Data under study:
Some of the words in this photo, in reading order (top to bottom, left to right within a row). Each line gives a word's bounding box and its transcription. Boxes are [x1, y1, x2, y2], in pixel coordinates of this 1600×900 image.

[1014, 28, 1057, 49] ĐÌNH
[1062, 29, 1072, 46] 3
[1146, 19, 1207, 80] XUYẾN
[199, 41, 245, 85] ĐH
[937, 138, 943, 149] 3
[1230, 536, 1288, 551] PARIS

Assignment: Type out the whole listing once more, exactly as written.

Exercise solution:
Some of the words in this photo, in reading order (top to bottom, left to right within a row). Each line gives a word's bounding box and its transcription. Boxes are [x1, y1, x2, y2], in pixel coordinates of this 1600×900 image.

[1014, 28, 1057, 49] ĐÌNH
[1062, 29, 1072, 46] 3
[1146, 19, 1207, 80] XUYẾN
[199, 41, 245, 85] ĐH
[937, 138, 943, 149] 3
[1230, 536, 1288, 551] PARIS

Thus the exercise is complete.